Thursday, February 15, 2007

I hoped he at least had a scarf.


In lieu of chocolates and flowers Jack Frost decided to give us New Yorkers a winter nor’easter for Valentines Day. It was a wicked wintry mix of snow, sleet and freezing rain and it was fantastic! It wasn’t too cold although the occasional ping of the pelting hail was just a little bit painful. As I rode the bus home I noticed the streets were empty of adults. It seemed like only the very young were on foot. The teens from the local high school spilled out onto the sidewalks it seemed every other one was holding a reminder of Valentines Day. Helium balloons on brightly colored string bobbing in their very own air space. Gift bags decorated bears, cupids, and hearts were the item of the day it seemed. Oh yeah and every other kid seemed to be wearing something red so they all contrasted very nicely with the snow.
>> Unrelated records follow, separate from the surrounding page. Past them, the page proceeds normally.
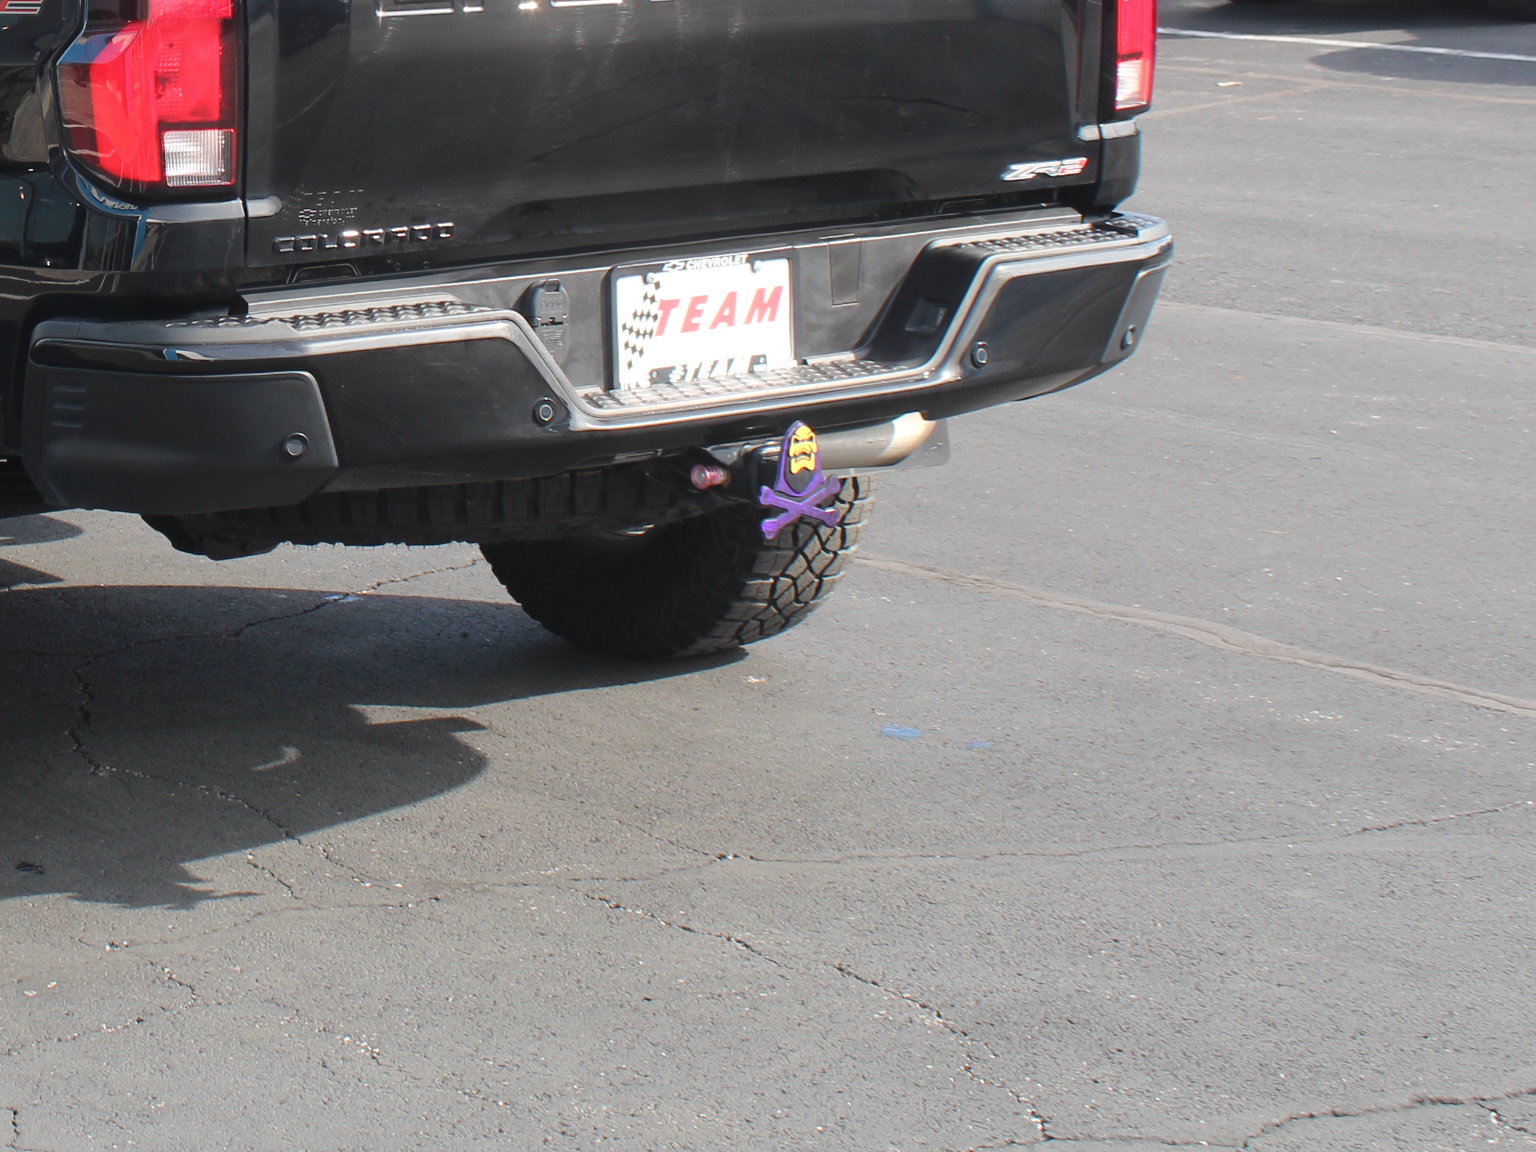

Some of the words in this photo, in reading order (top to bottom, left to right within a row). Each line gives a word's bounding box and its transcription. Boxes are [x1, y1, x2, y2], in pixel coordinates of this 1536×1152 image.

[1001, 157, 1088, 181] ZR2
[685, 253, 749, 271] CHEVROLET
[655, 285, 784, 337] TEAM
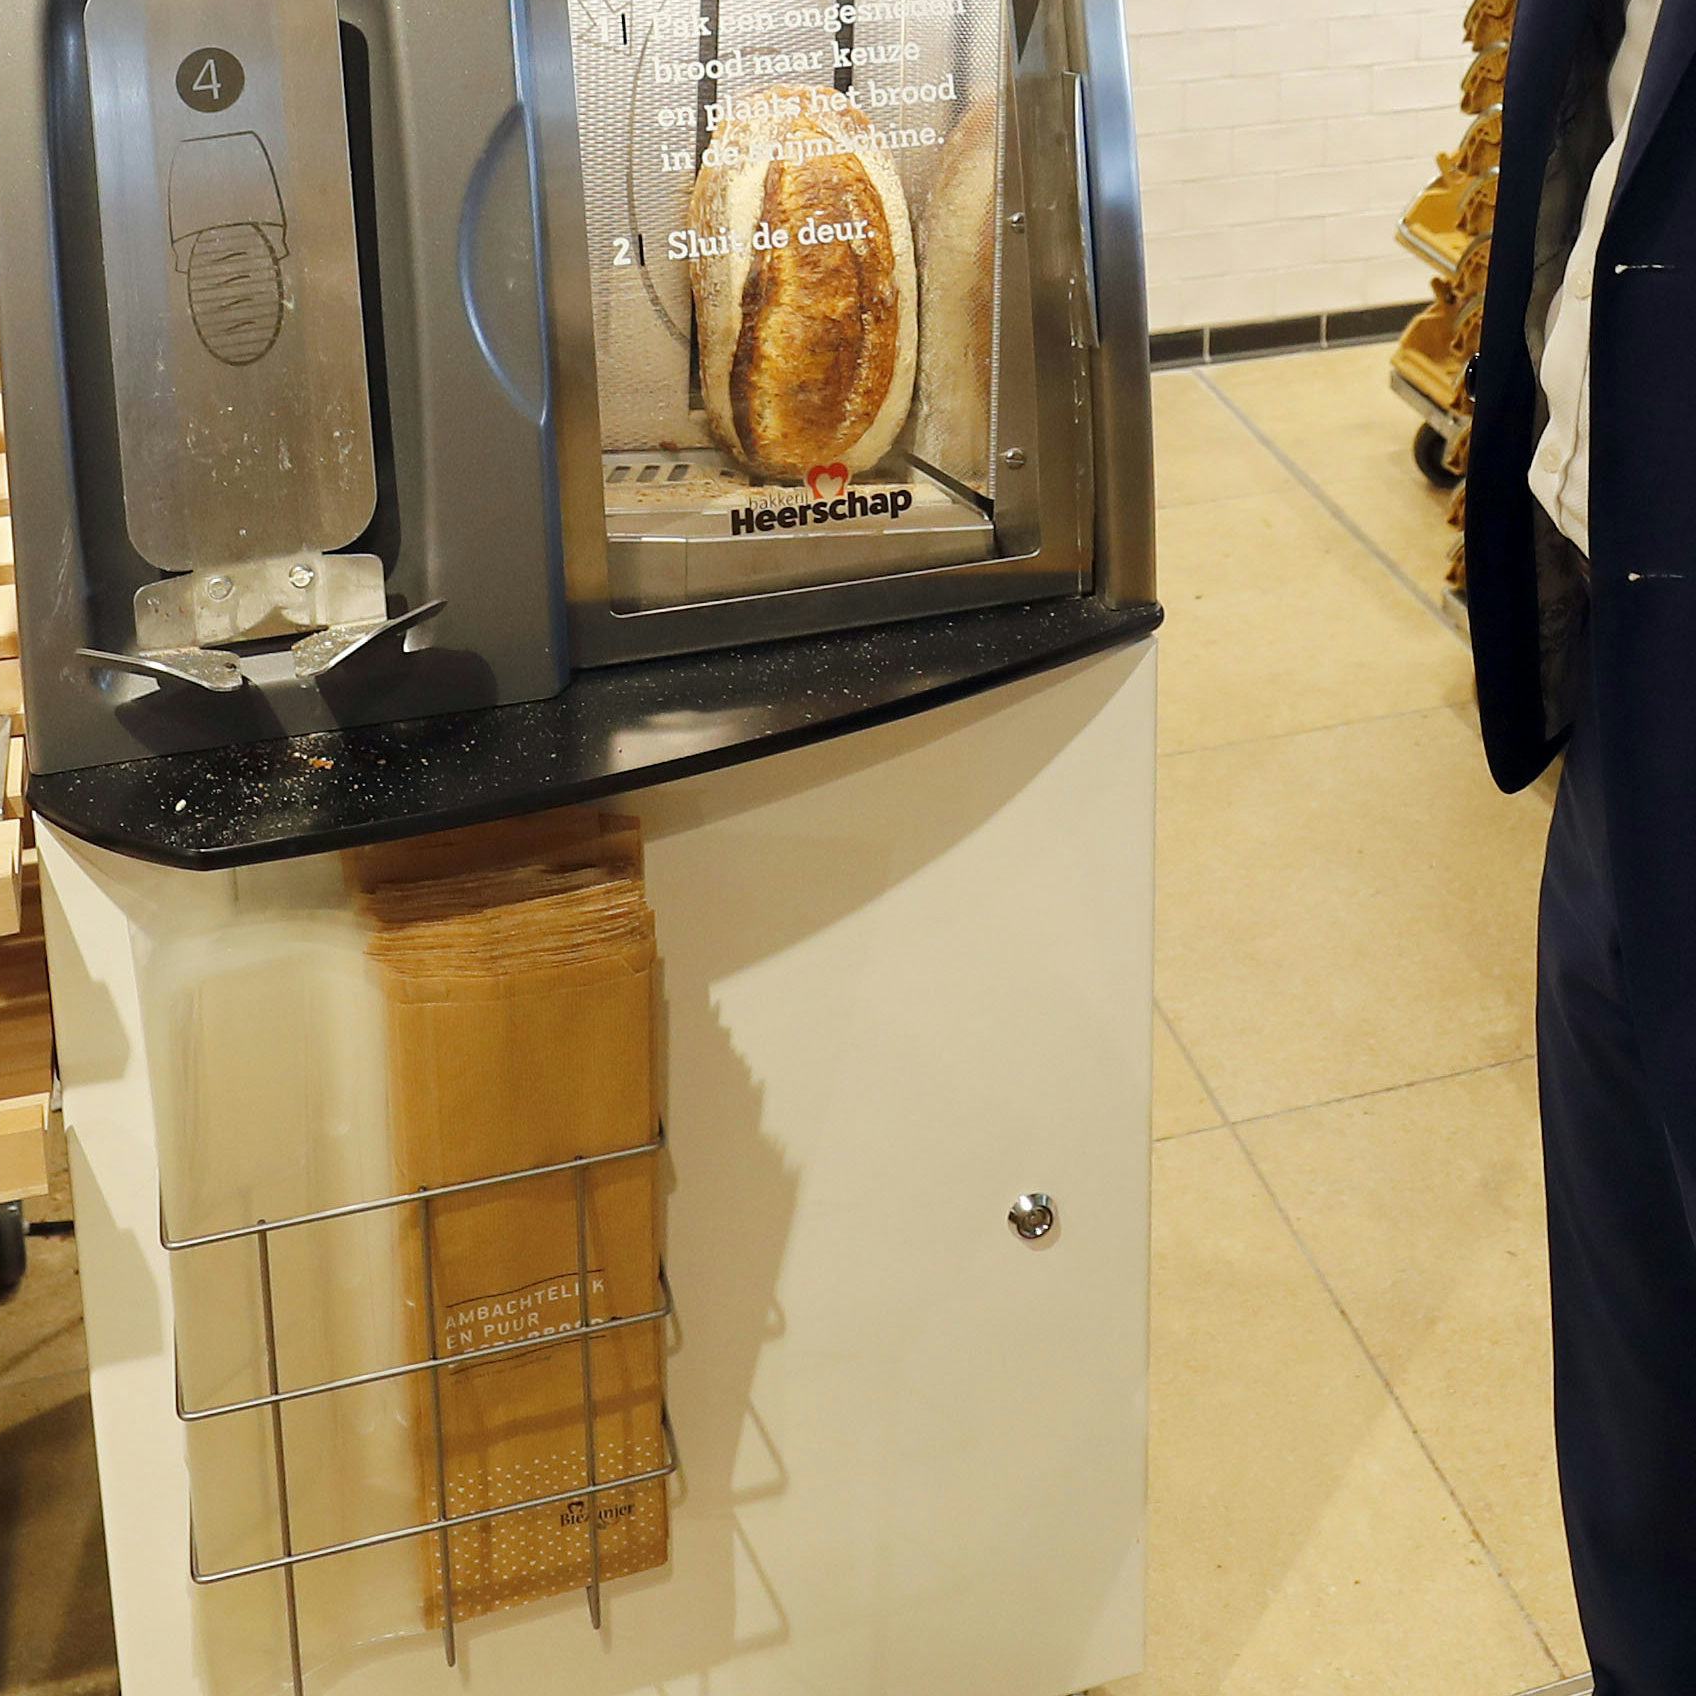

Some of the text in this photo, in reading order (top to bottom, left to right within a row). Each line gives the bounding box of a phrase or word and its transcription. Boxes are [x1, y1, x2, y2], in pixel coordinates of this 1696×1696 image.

[719, 10, 780, 36] een
[192, 58, 222, 100] 4
[652, 38, 921, 85] brood naar keuze
[657, 73, 957, 133] en plaats het brood
[659, 145, 699, 174] in
[702, 141, 742, 169] de
[667, 225, 744, 261] Sluit
[752, 220, 790, 251] de
[797, 215, 876, 246] deur.
[730, 489, 913, 536] Heerschap
[748, 491, 809, 511] bakkerij
[445, 1279, 604, 1329] AMBACHTELIK
[446, 1329, 473, 1350] EN
[484, 1312, 540, 1338] PUUR
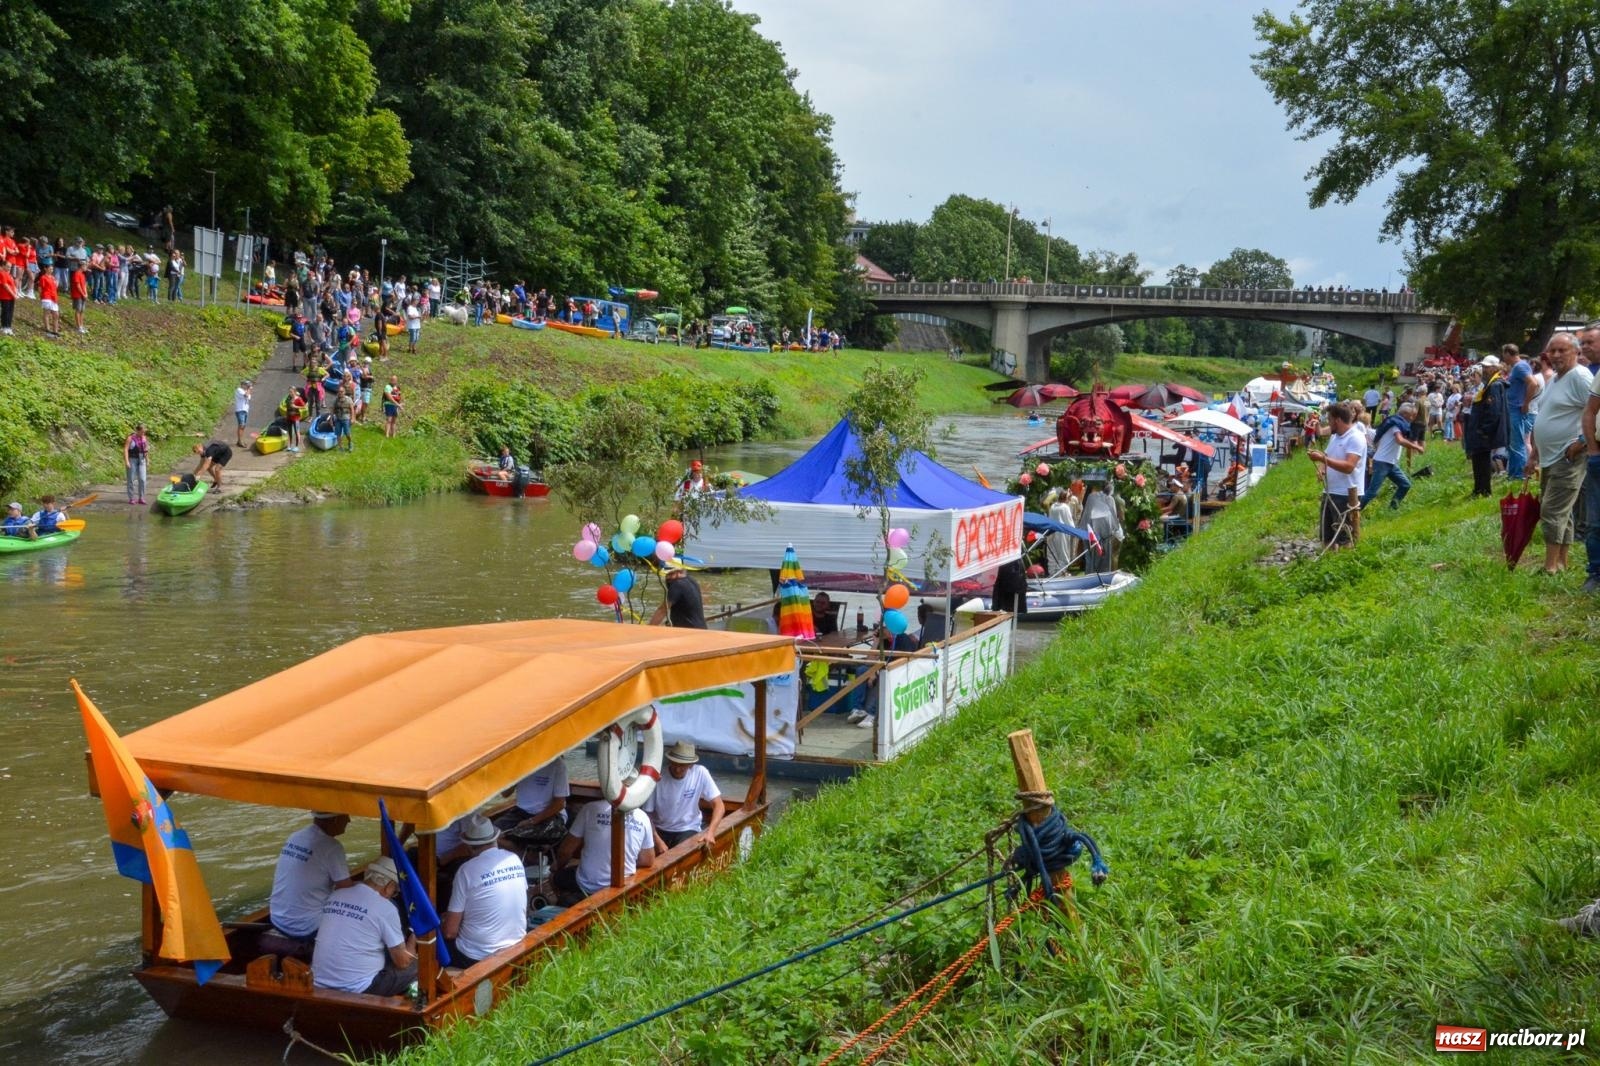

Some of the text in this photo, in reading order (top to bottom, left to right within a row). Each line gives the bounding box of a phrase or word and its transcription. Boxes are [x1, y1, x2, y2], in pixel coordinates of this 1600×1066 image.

[956, 503, 1023, 569] OPOROWO
[959, 633, 1003, 697] CISEK
[346, 911, 364, 921] 2024
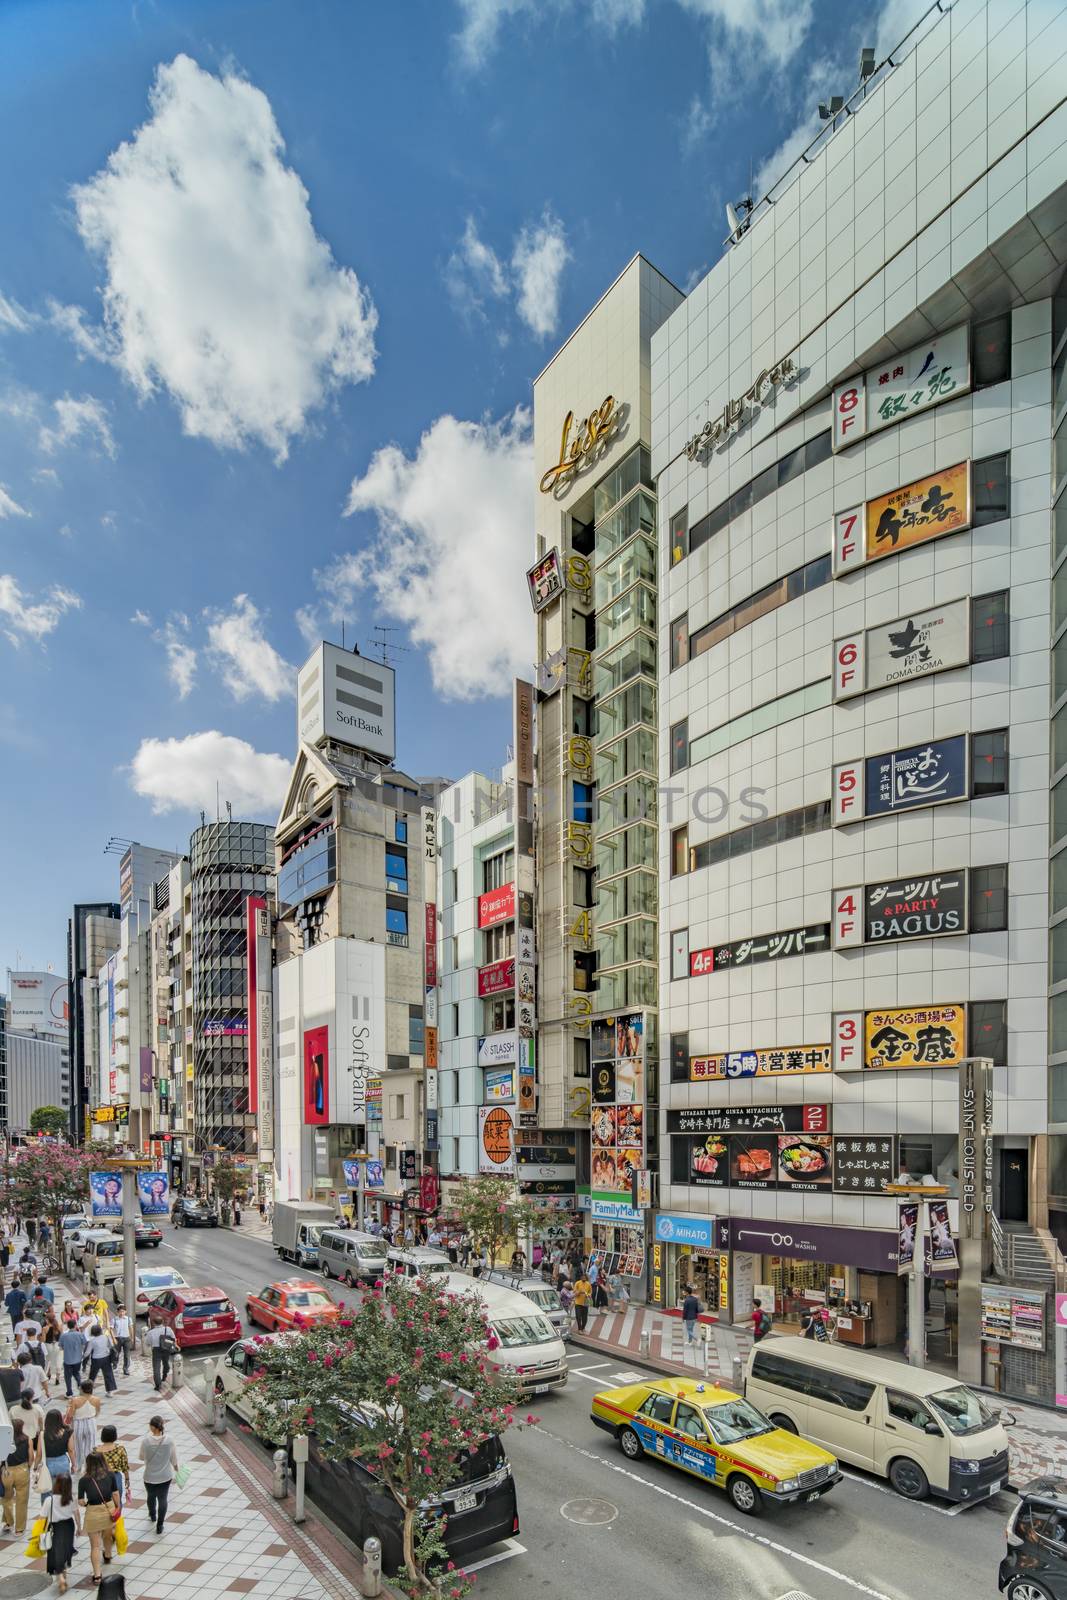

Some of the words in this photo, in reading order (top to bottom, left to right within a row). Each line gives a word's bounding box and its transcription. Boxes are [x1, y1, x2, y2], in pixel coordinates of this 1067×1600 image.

Several blocks away from my stop which happens to be the last stop on the route the bus driver asked if I had a light, we were the only ones left on the bus. Luckily for him my friend had left her lighter in my bag. I handed it over to him and watched as he lit a cigarette. Since smoking on buses and trains has been banned ever since I can remember seeing the driver puff away and the cigarette smoke swirling around the empty bus was really odd. The driver was stressed; it was his first day back from vacation he told me. Shit shit shit why hadn’t he taken the extra week. He hated driving in the snow especially in my neighborhood. We’re always the last to see the plows and the salt spreaders. When it snows we’re pretty much on our own.

As I listened to his litany of complaints against the snow and having to drive a mass transit bus in the snow I couldn’t help but feel sorry for him his day was going to be a longggg one but at the same time I just had to admire the beauty of snow and how it made everything it covered look so pretty. I imagined Cupid shaking his fist in the air freezing his semi-naked cherubic ass off in the snow. I hoped he at least had a scarf.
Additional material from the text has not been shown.